Data extract: Begin

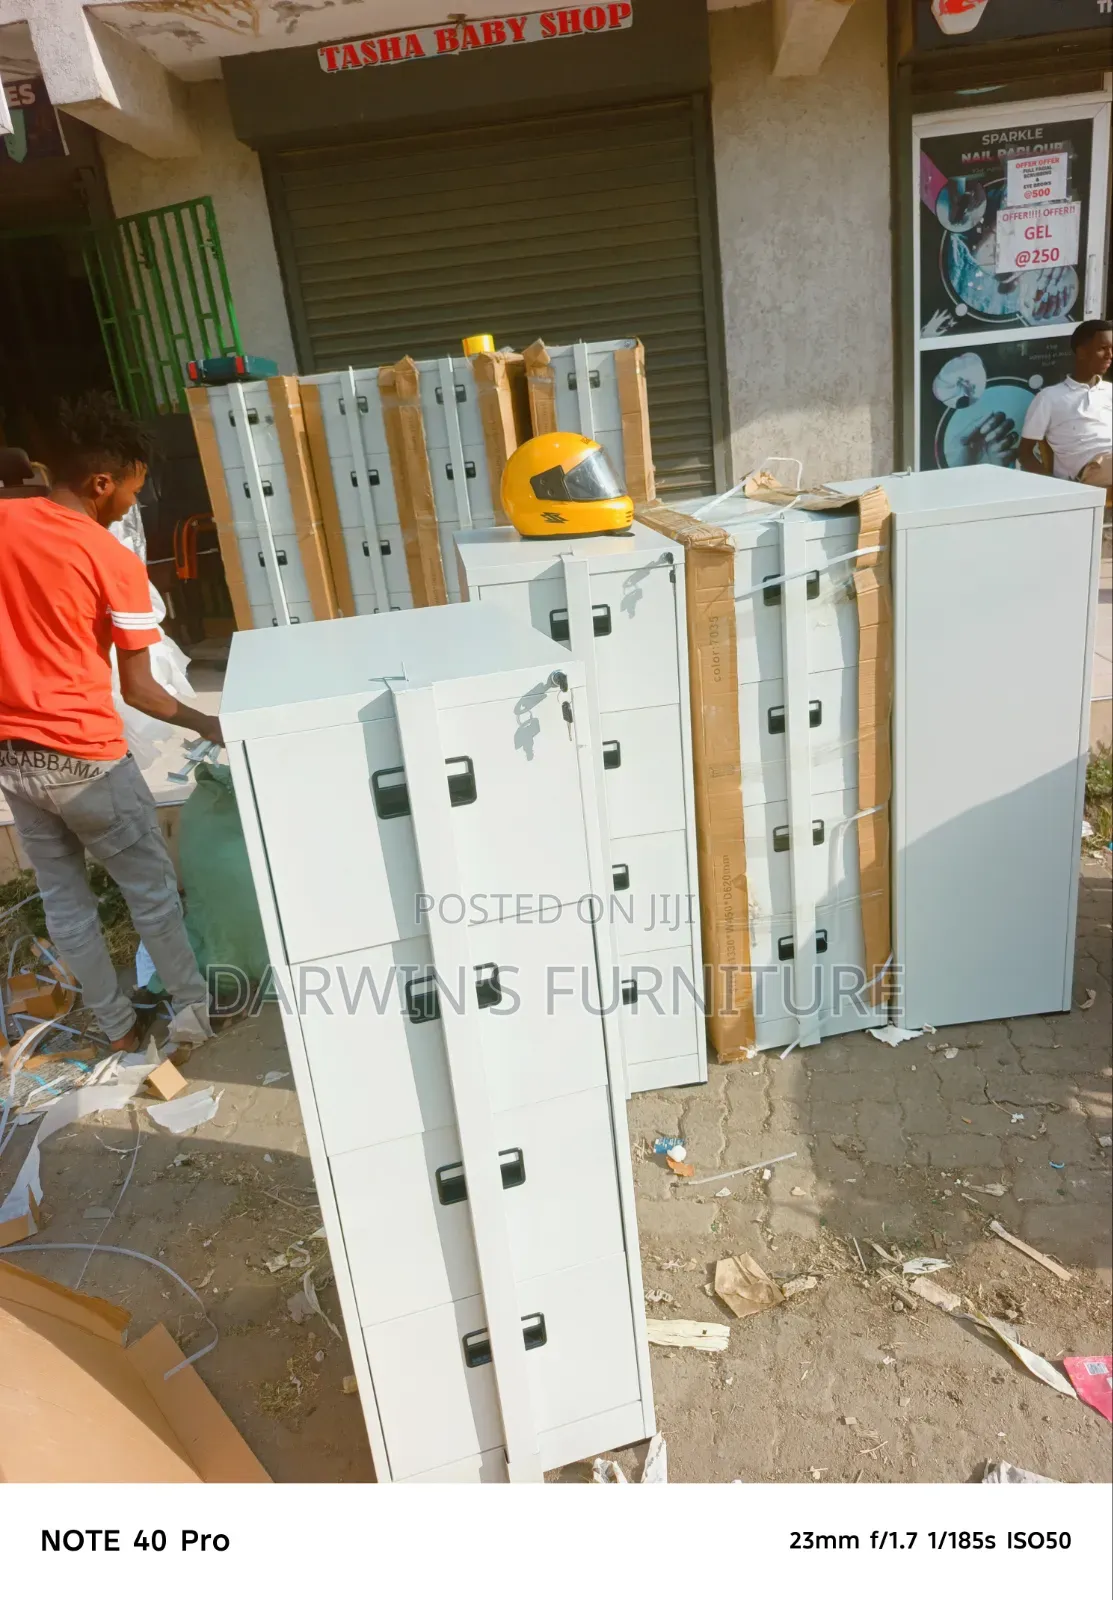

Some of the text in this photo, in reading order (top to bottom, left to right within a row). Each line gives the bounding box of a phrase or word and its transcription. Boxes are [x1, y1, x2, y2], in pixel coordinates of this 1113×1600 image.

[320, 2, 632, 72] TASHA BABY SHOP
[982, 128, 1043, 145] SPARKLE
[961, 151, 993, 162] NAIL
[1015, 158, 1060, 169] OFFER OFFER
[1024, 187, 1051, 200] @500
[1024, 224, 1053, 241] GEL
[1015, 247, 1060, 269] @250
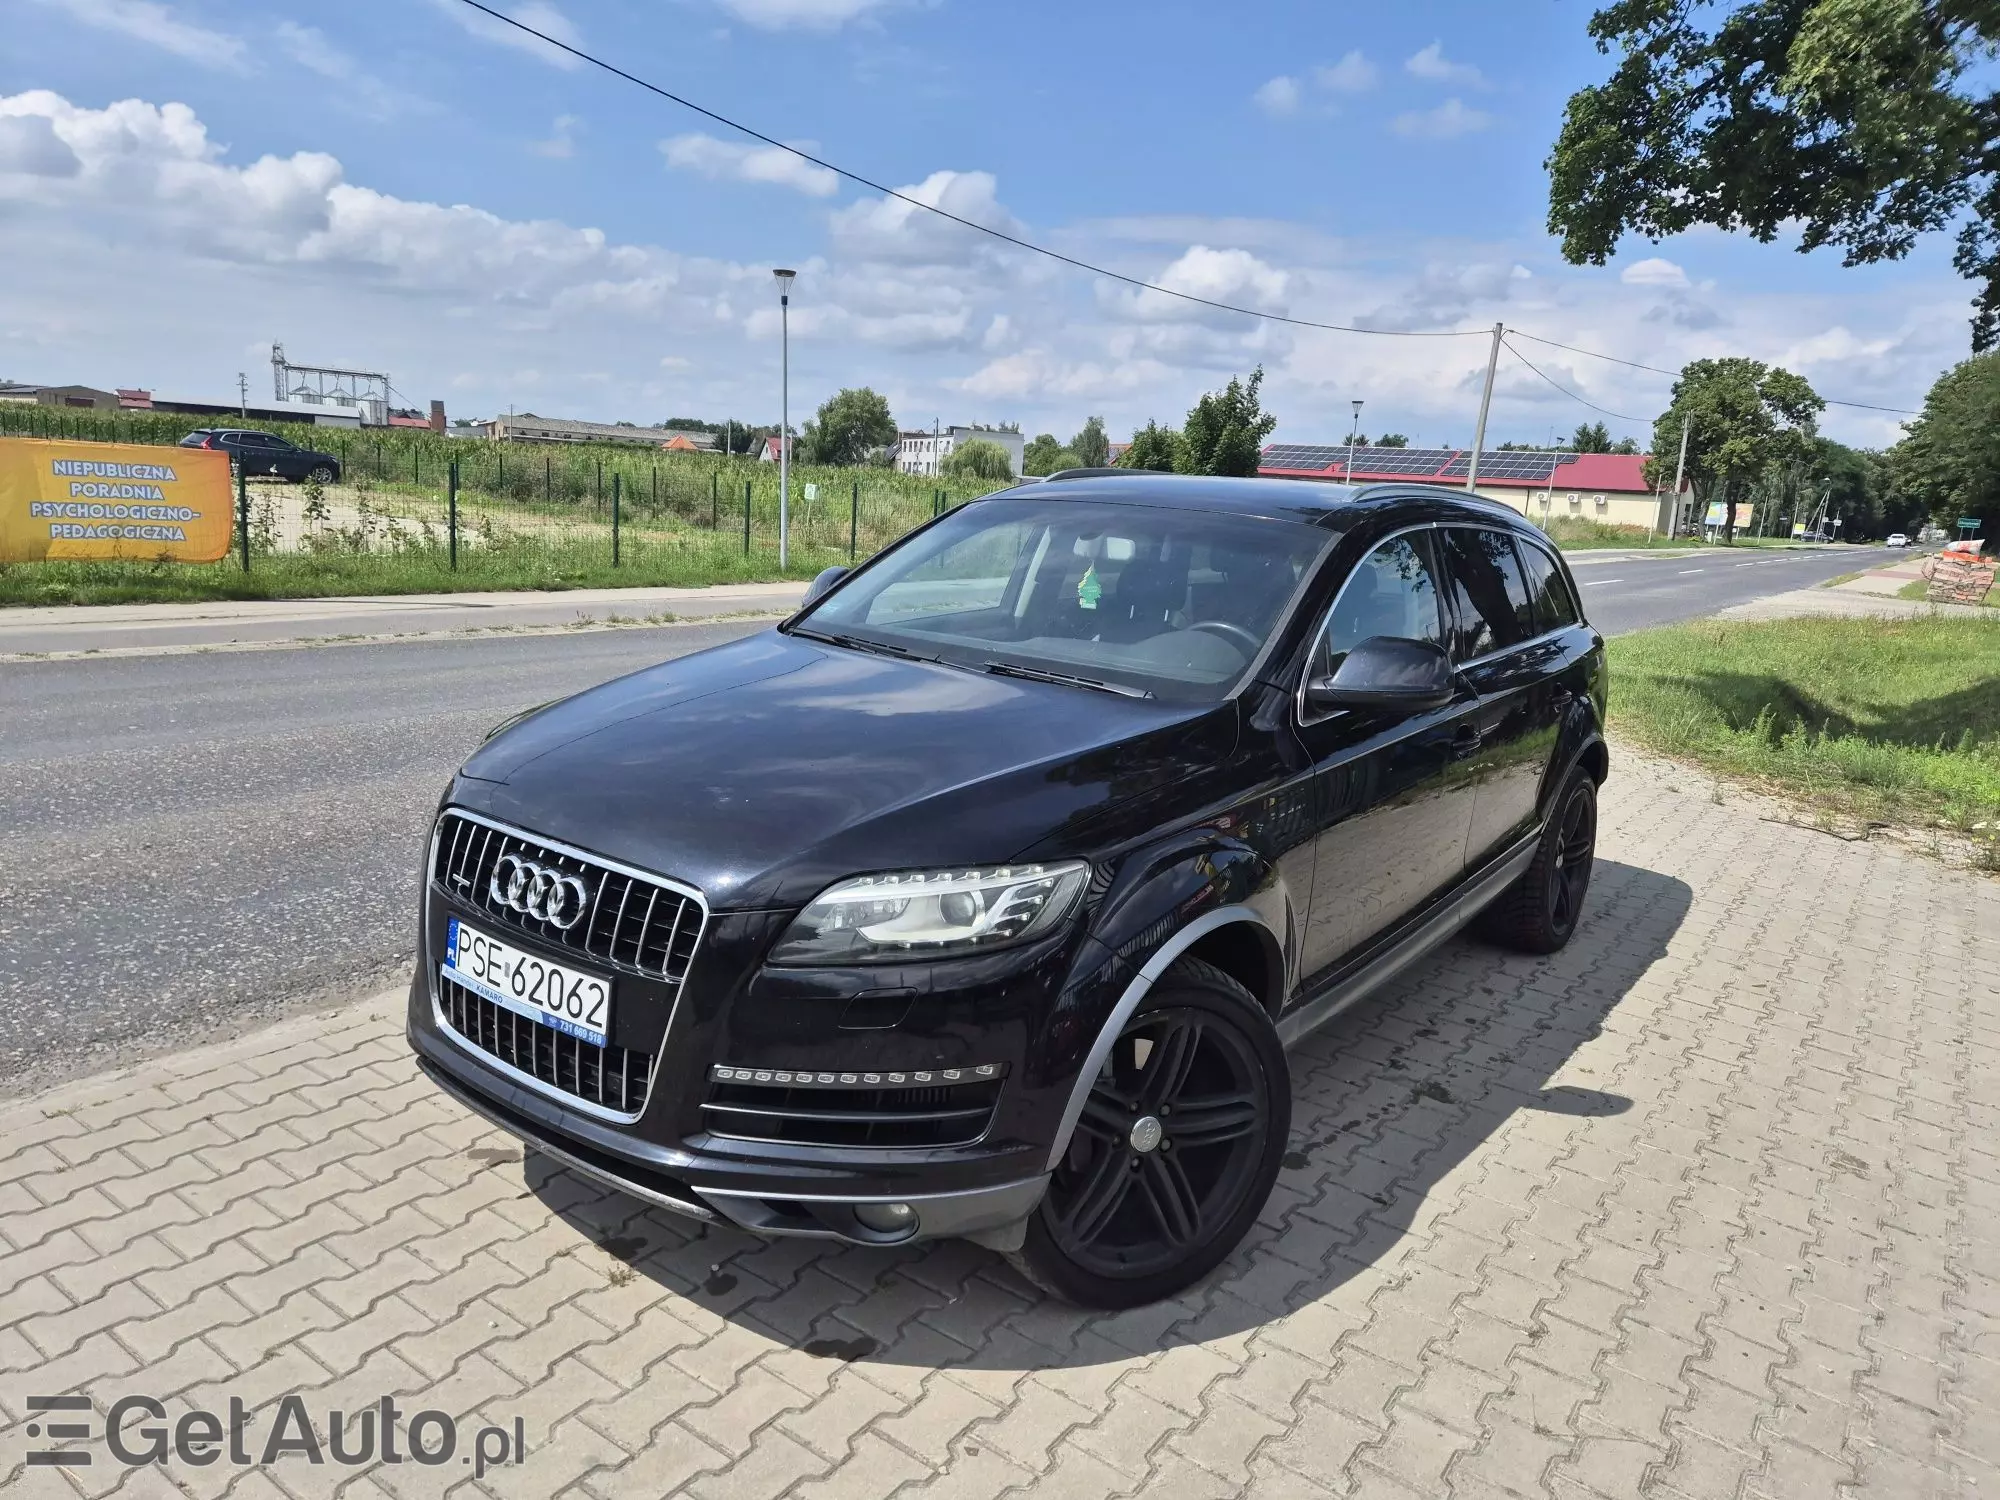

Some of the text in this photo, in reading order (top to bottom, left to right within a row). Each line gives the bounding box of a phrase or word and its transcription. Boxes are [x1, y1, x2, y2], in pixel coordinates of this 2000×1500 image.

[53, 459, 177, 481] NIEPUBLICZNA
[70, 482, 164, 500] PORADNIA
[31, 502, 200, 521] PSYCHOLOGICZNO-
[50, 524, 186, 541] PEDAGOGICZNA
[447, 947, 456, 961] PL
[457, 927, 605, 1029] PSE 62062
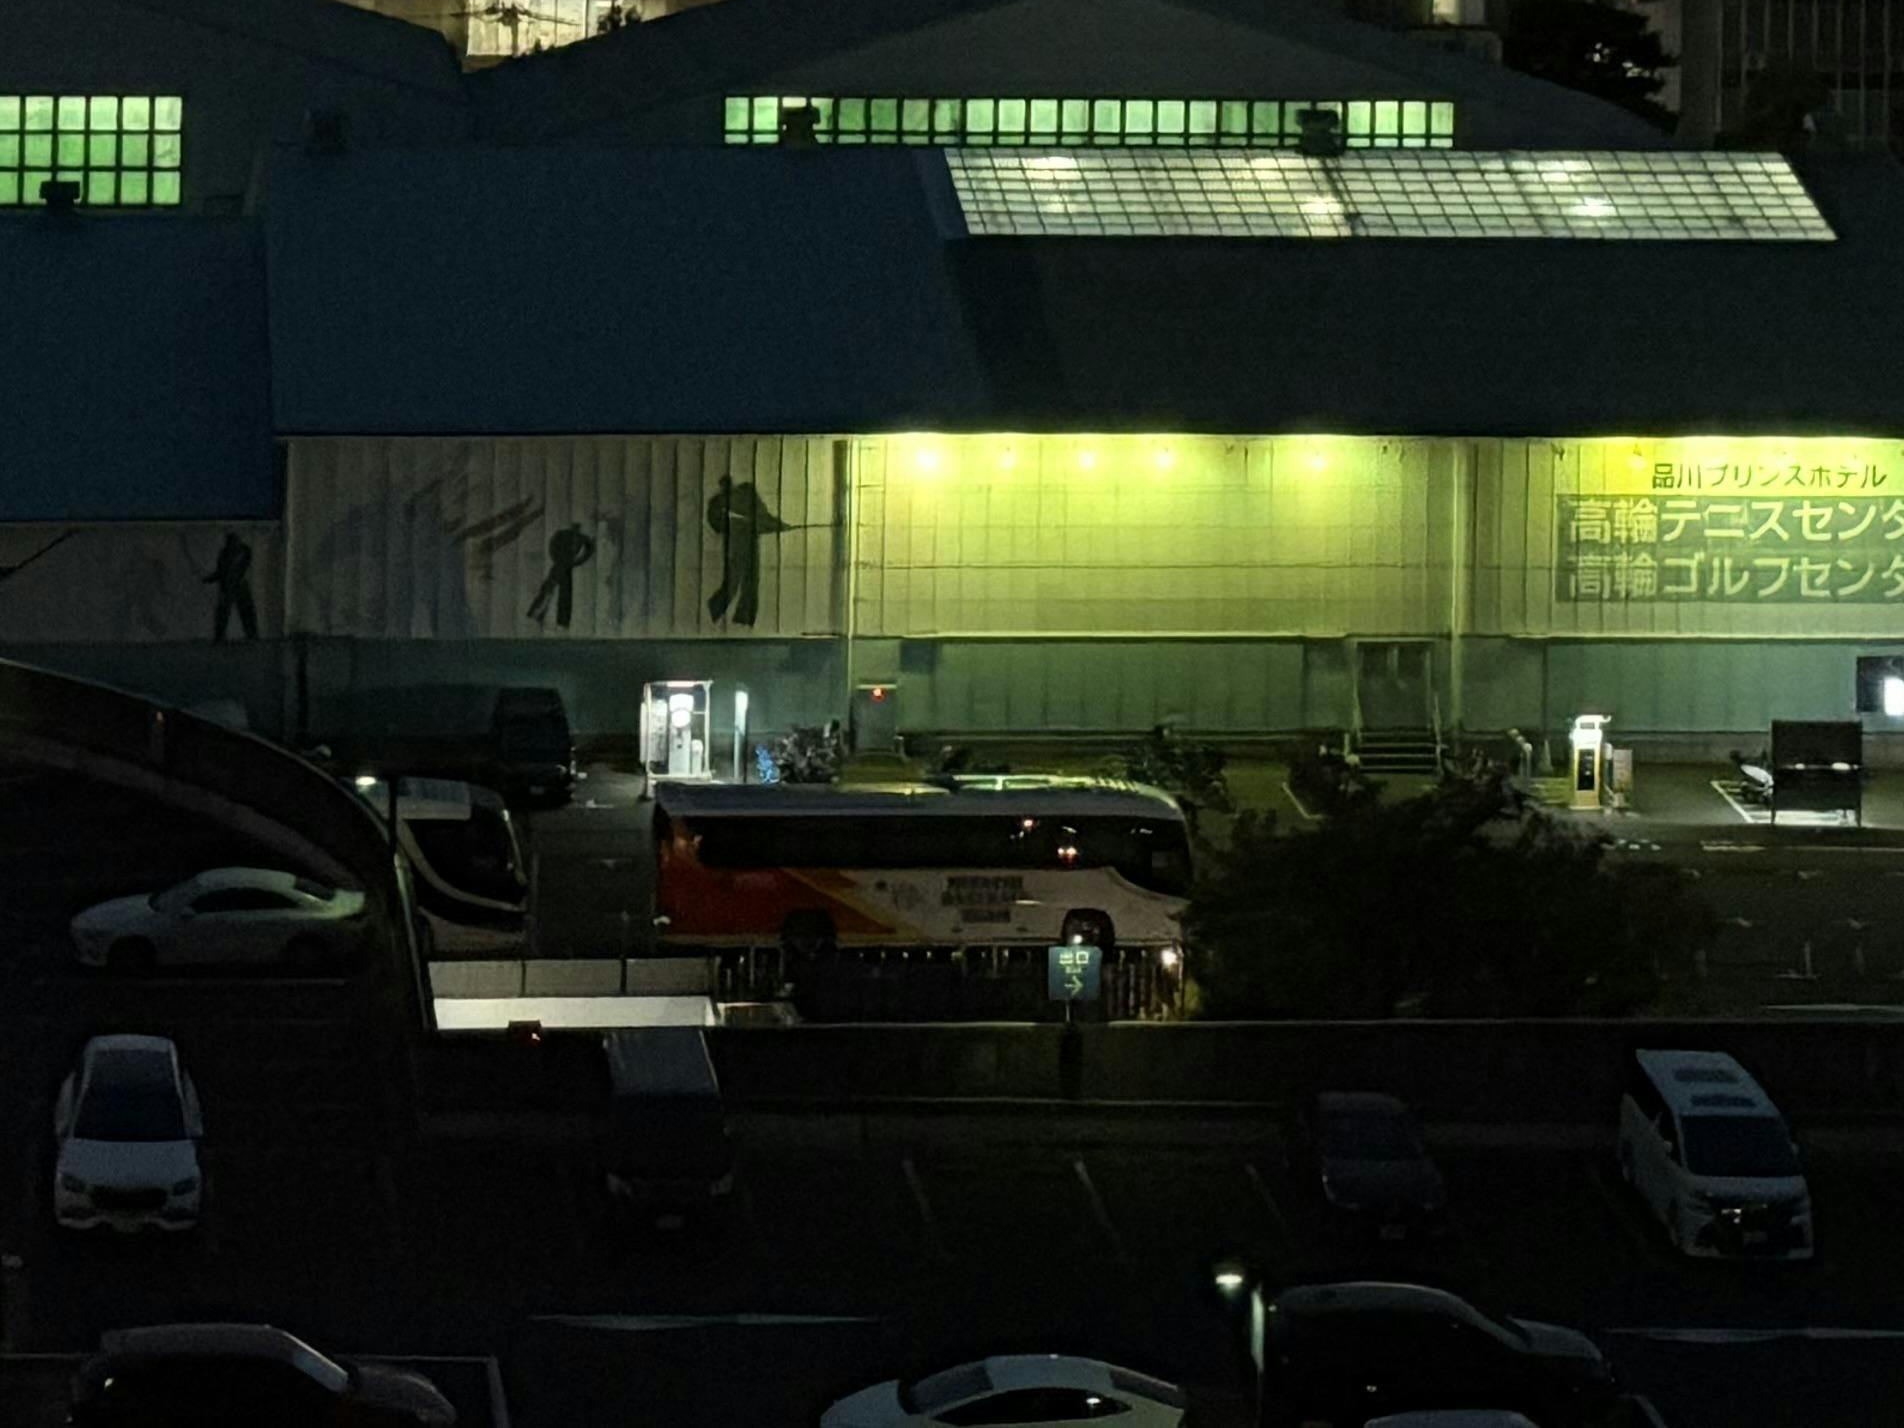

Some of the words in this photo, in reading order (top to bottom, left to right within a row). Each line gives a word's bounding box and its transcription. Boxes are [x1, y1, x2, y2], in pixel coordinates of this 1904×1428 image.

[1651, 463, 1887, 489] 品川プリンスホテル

Data extract: End

What the exercise asks – Please print each entry exactly as it stands, without the pictures.

Answer to the exercise –
Some of the text in this photo, in reading order (top to bottom, left to right within a row). Each line gives the bounding box of a phrase or word and its transcription. Boxes are [x1, y1, x2, y2], in pixel coordinates of this 1113×1600 image.

[320, 2, 632, 72] TASHA BABY SHOP
[982, 128, 1043, 145] SPARKLE
[961, 151, 993, 162] NAIL
[1015, 158, 1060, 169] OFFER OFFER
[1024, 187, 1051, 200] @500
[1024, 224, 1053, 241] GEL
[1015, 247, 1060, 269] @250

Some of the text in this photo, in reading order (top to bottom, left to right within a row). Each line gives the bounding box of a phrase or word and its transcription. Boxes are [x1, y1, x2, y2], in pixel coordinates of this 2000×1500 image.

[53, 459, 177, 481] NIEPUBLICZNA
[70, 482, 164, 500] PORADNIA
[31, 502, 200, 521] PSYCHOLOGICZNO-
[50, 524, 186, 541] PEDAGOGICZNA
[447, 947, 456, 961] PL
[457, 927, 605, 1029] PSE 62062

Some of the words in this photo, in reading order (top to bottom, left to right within a row). Each line gives a word's bounding box and its transcription. Boxes are [x1, y1, x2, y2], in pixel coordinates of this 1904×1428 image.

[1651, 463, 1887, 489] 品川プリンスホテル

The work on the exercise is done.